→ Prompt
What this exercise needs is every entry restated as written, with no pictures.

→ The data
⟨
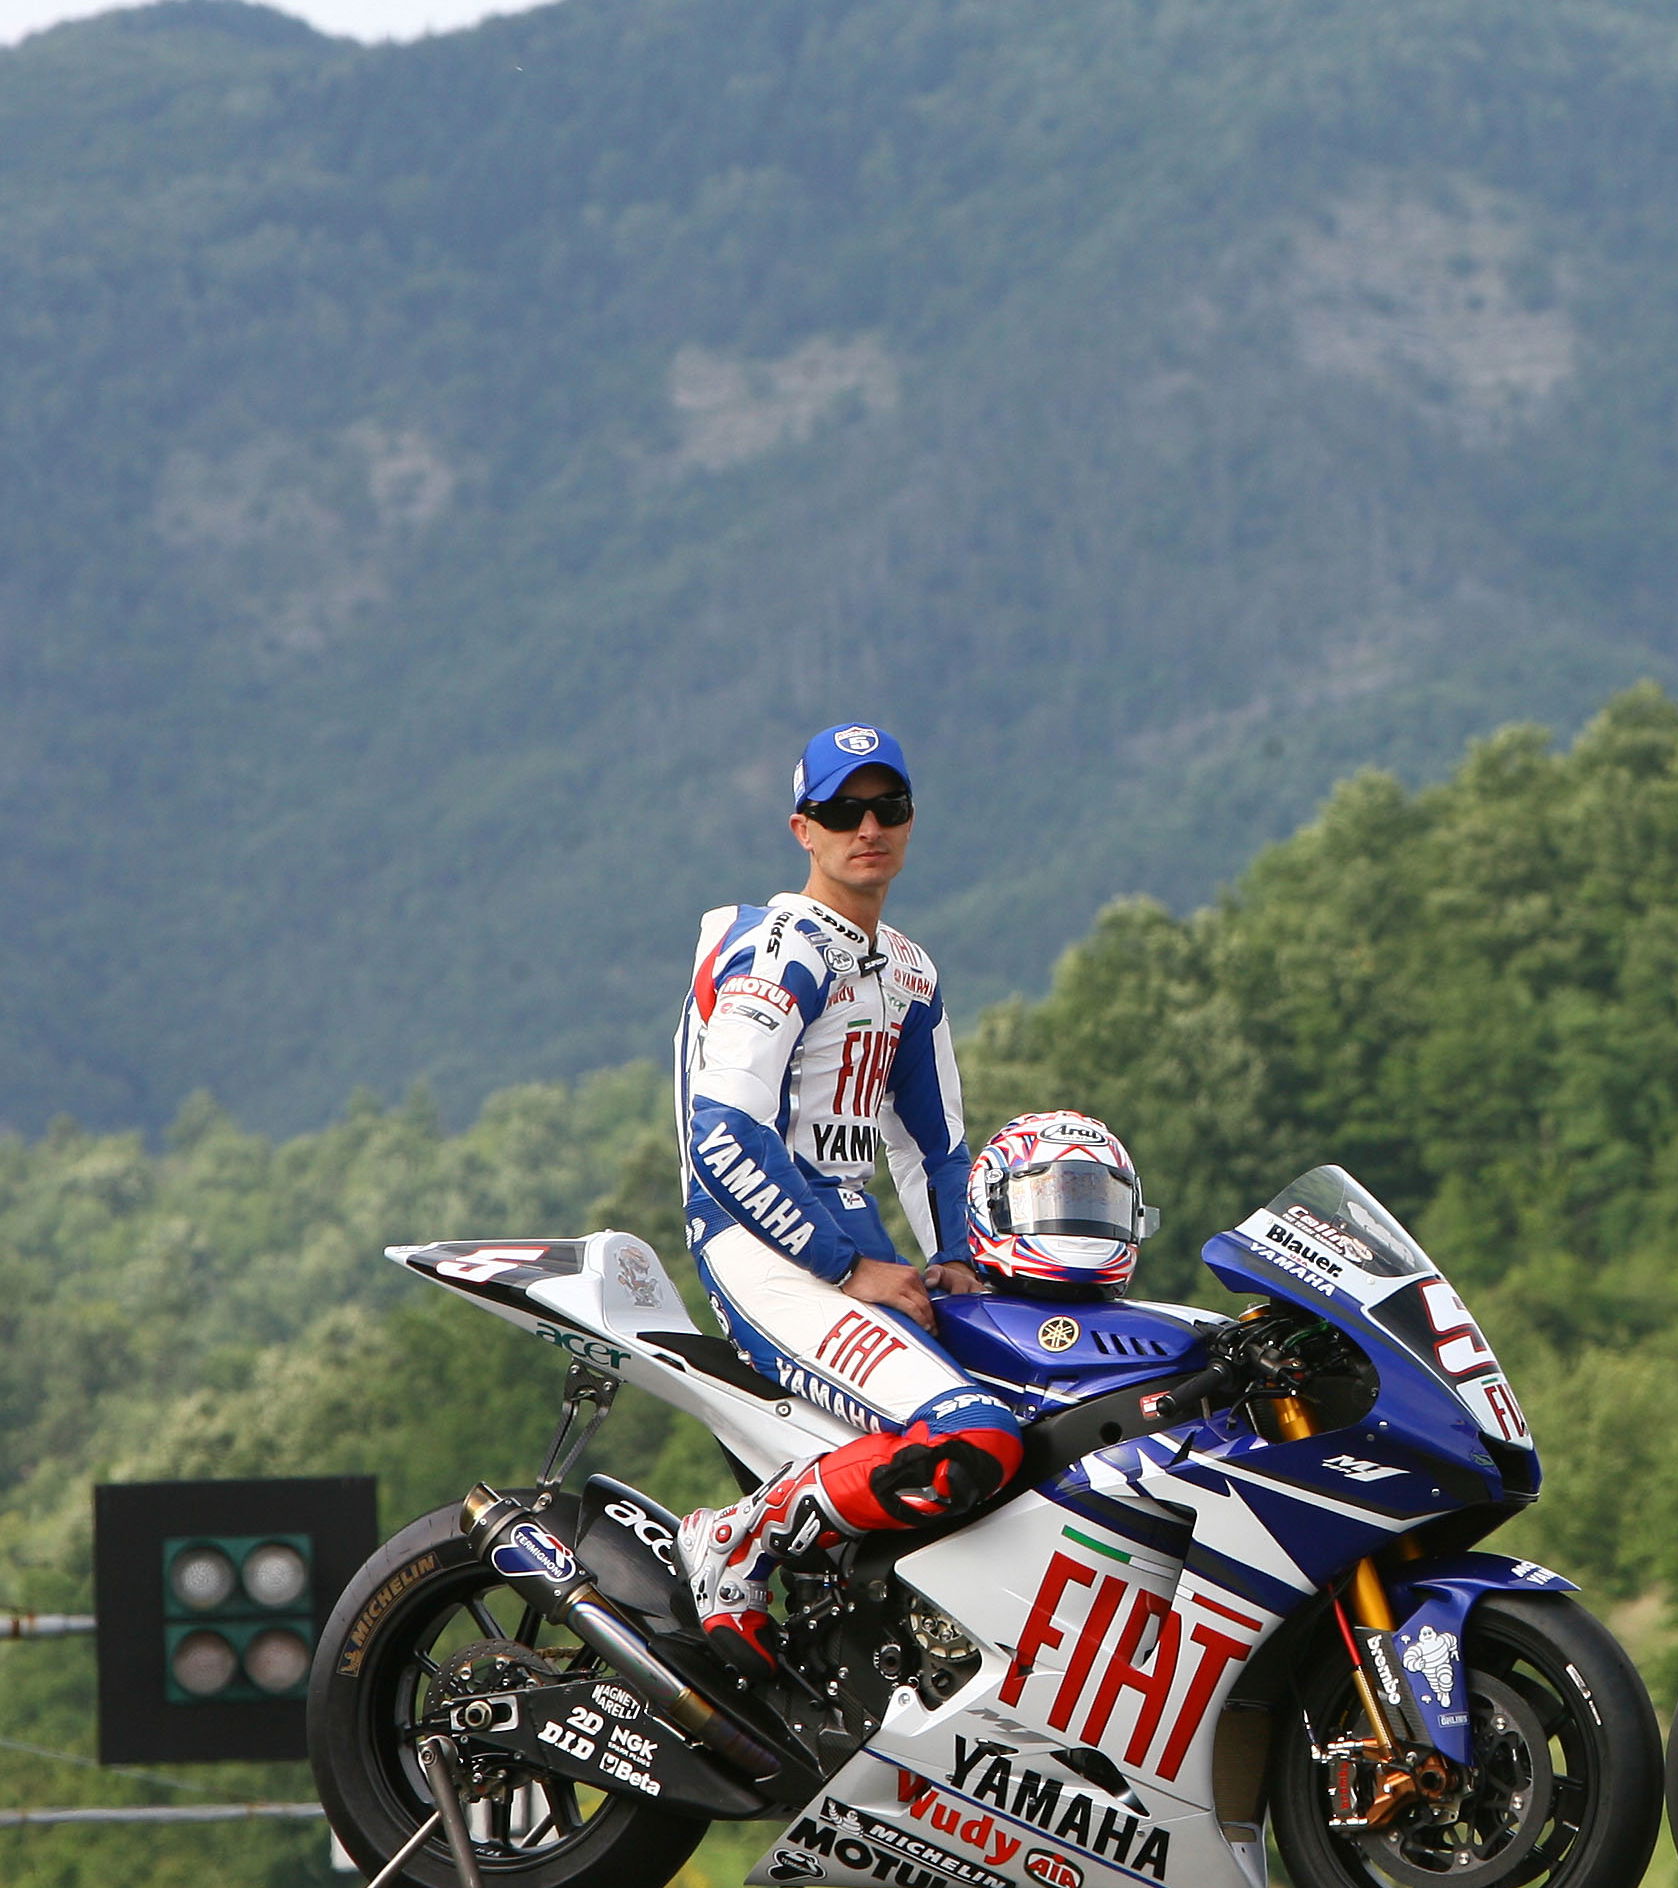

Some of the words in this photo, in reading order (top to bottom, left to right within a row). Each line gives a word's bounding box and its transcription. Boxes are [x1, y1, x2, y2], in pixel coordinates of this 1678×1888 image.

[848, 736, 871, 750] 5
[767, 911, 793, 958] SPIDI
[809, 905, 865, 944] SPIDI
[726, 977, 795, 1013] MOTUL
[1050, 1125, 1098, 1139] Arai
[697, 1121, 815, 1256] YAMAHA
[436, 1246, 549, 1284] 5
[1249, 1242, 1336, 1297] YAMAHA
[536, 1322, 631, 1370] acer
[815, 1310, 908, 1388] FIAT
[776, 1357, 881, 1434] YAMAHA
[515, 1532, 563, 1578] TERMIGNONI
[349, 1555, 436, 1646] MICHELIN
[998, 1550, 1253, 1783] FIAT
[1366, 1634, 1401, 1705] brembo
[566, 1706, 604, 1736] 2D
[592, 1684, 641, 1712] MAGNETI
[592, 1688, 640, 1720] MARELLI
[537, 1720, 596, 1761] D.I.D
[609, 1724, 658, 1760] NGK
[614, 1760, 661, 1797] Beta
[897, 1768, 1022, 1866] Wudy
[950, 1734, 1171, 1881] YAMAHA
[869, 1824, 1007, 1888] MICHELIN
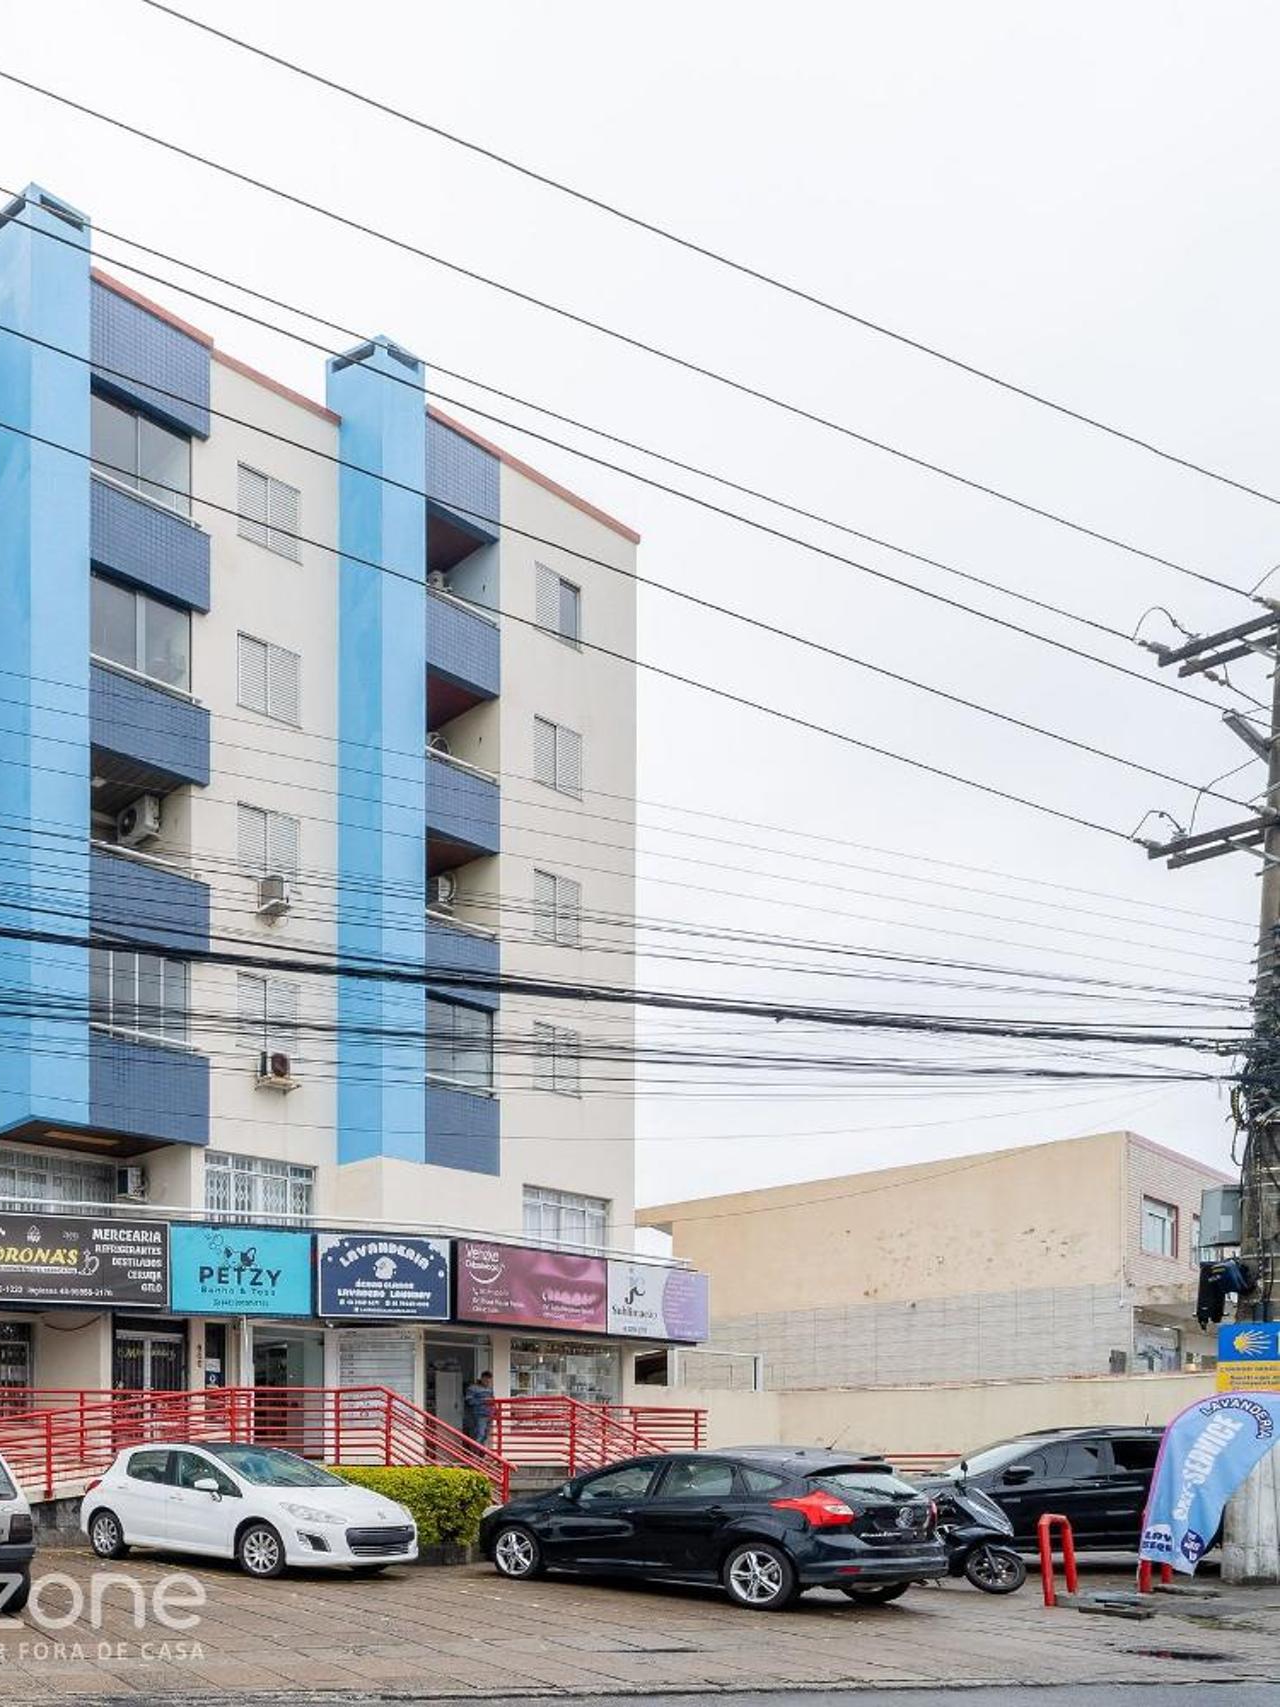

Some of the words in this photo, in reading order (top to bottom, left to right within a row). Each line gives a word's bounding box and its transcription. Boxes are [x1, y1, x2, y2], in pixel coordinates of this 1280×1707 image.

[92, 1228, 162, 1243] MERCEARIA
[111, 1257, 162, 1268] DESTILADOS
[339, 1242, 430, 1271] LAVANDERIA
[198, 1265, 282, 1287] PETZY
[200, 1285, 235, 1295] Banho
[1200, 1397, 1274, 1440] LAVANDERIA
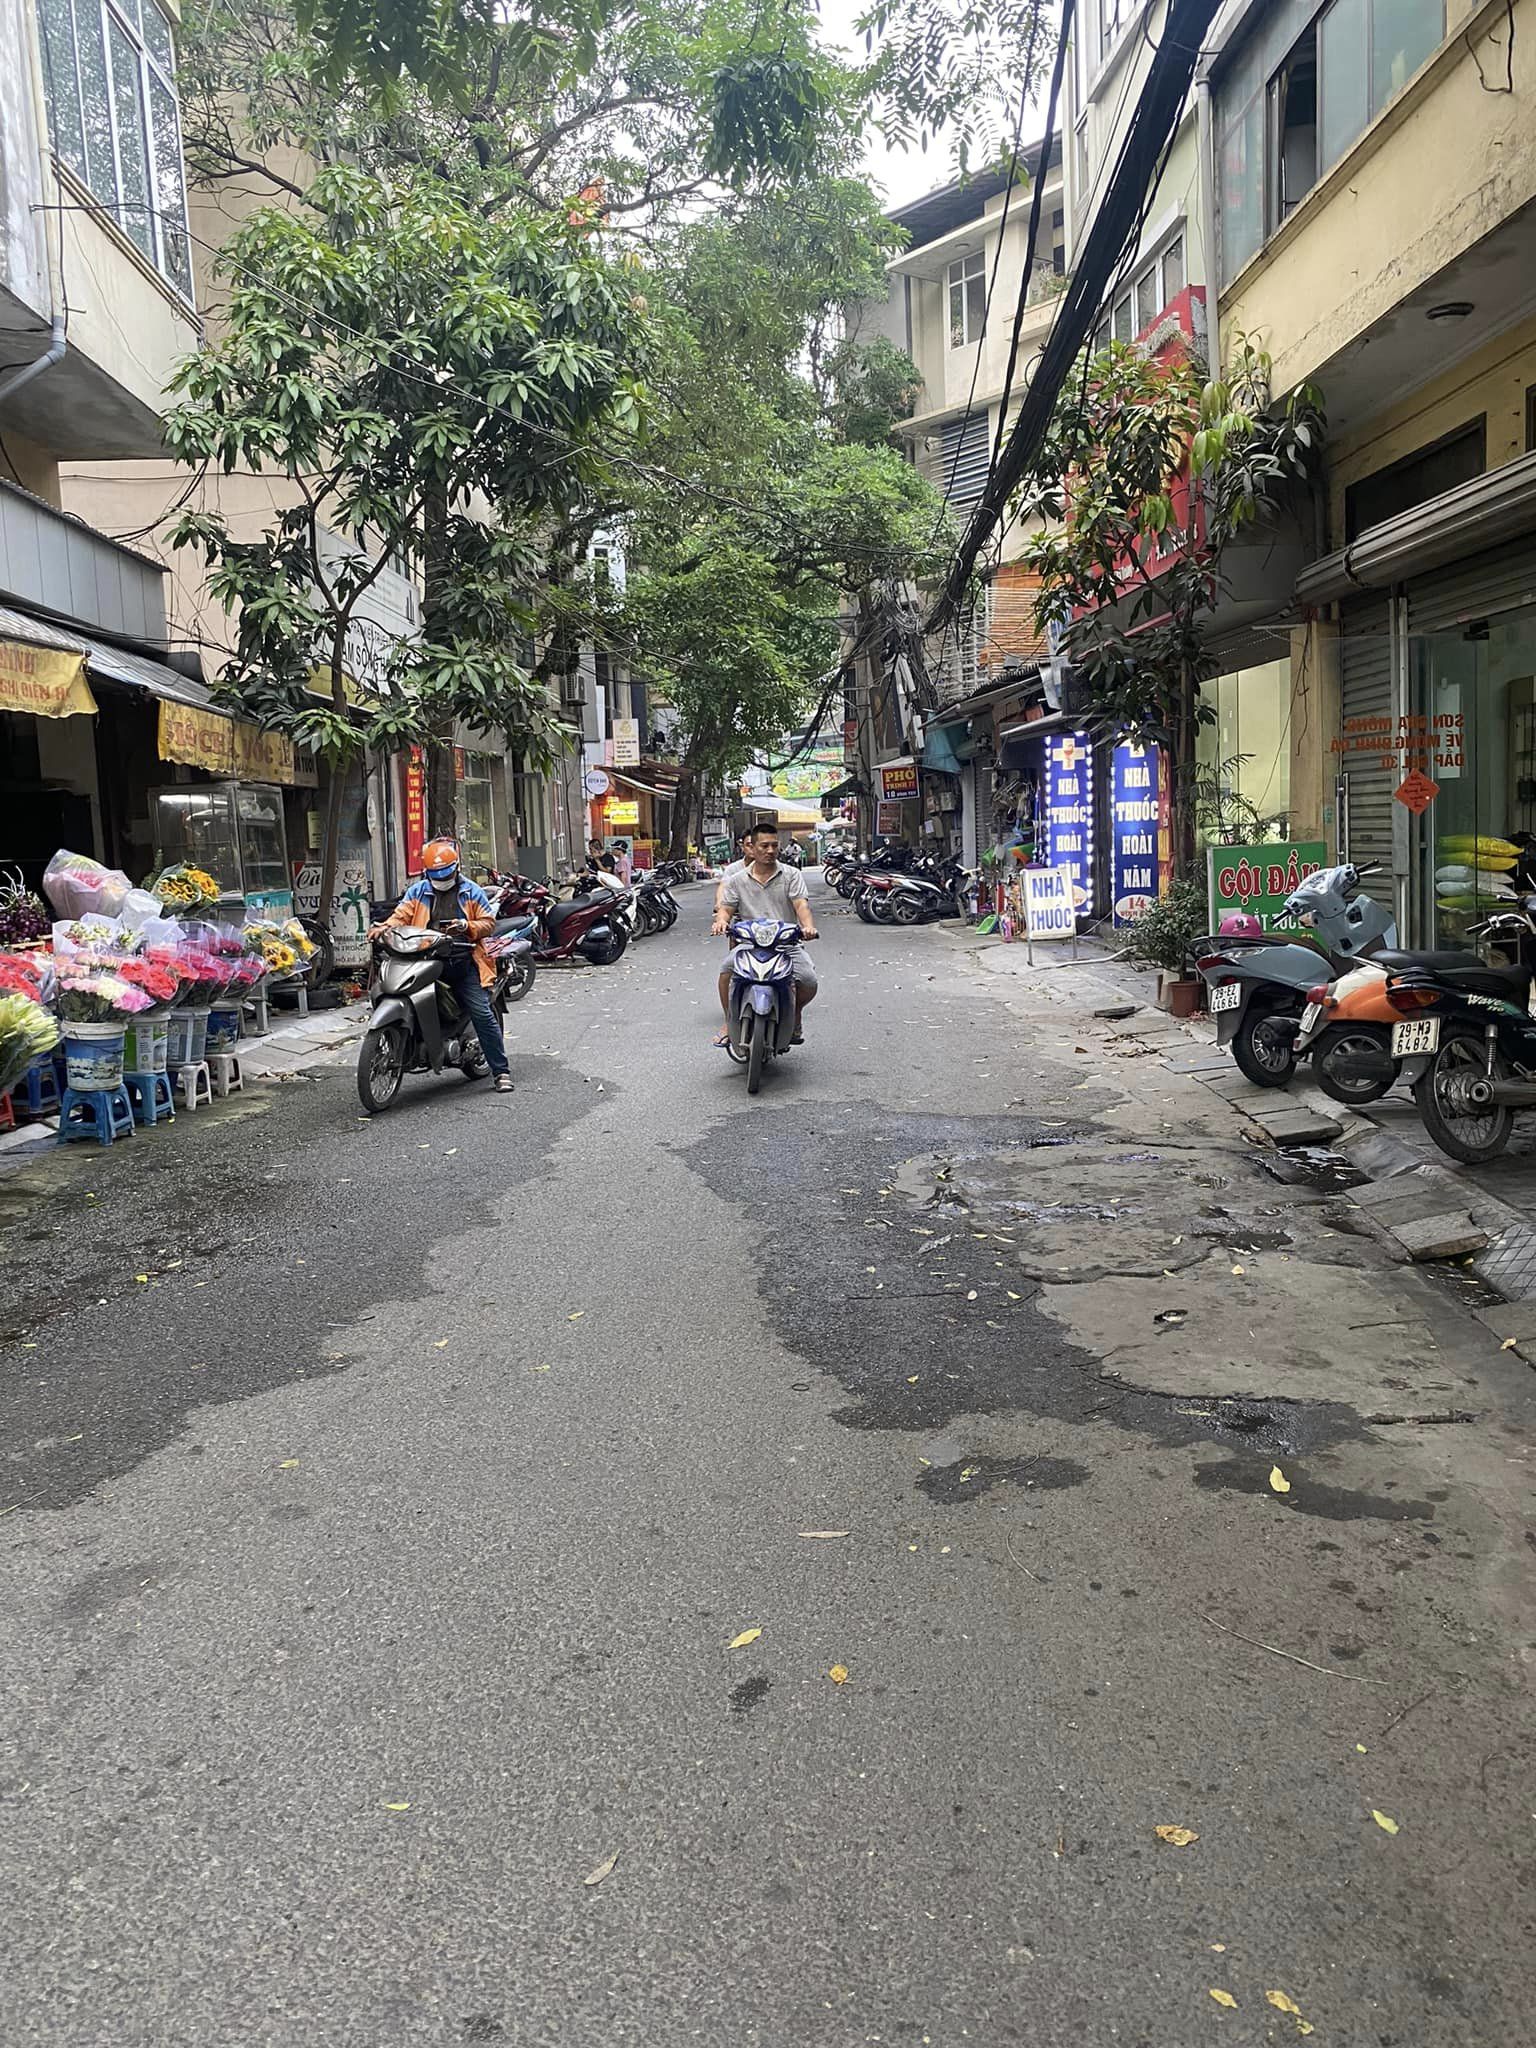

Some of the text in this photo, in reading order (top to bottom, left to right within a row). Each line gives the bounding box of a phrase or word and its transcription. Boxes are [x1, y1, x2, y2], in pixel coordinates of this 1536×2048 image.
⟩
→ Problem solution
Some of the words in this photo, in reading order (top to bottom, left to right within a row). Each line gives a word's bounding box and its transcription. Boxes are [x1, y1, x2, y2], in pixel coordinates of this 1678×1888 image.

[848, 736, 871, 750] 5
[767, 911, 793, 958] SPIDI
[809, 905, 865, 944] SPIDI
[726, 977, 795, 1013] MOTUL
[1050, 1125, 1098, 1139] Arai
[697, 1121, 815, 1256] YAMAHA
[436, 1246, 549, 1284] 5
[1249, 1242, 1336, 1297] YAMAHA
[536, 1322, 631, 1370] acer
[815, 1310, 908, 1388] FIAT
[776, 1357, 881, 1434] YAMAHA
[515, 1532, 563, 1578] TERMIGNONI
[349, 1555, 436, 1646] MICHELIN
[998, 1550, 1253, 1783] FIAT
[1366, 1634, 1401, 1705] brembo
[566, 1706, 604, 1736] 2D
[592, 1684, 641, 1712] MAGNETI
[592, 1688, 640, 1720] MARELLI
[537, 1720, 596, 1761] D.I.D
[609, 1724, 658, 1760] NGK
[614, 1760, 661, 1797] Beta
[897, 1768, 1022, 1866] Wudy
[950, 1734, 1171, 1881] YAMAHA
[869, 1824, 1007, 1888] MICHELIN

Some of the words in this photo, in reading order (top to bottom, left to right within a row). Each line gives a word's bounding box and its transcription. Boxes are [x1, y1, x2, y2], in pixel coordinates of this 1280×1707 image.

[92, 1228, 162, 1243] MERCEARIA
[111, 1257, 162, 1268] DESTILADOS
[339, 1242, 430, 1271] LAVANDERIA
[198, 1265, 282, 1287] PETZY
[200, 1285, 235, 1295] Banho
[1200, 1397, 1274, 1440] LAVANDERIA

Some of the text in this photo, in reading order (top to bottom, left to right within a row). Each line gives the bounding box of a phrase or word and its transcription. Boxes are [x1, y1, x2, y2], in pixel coordinates of this 1536×2048 image.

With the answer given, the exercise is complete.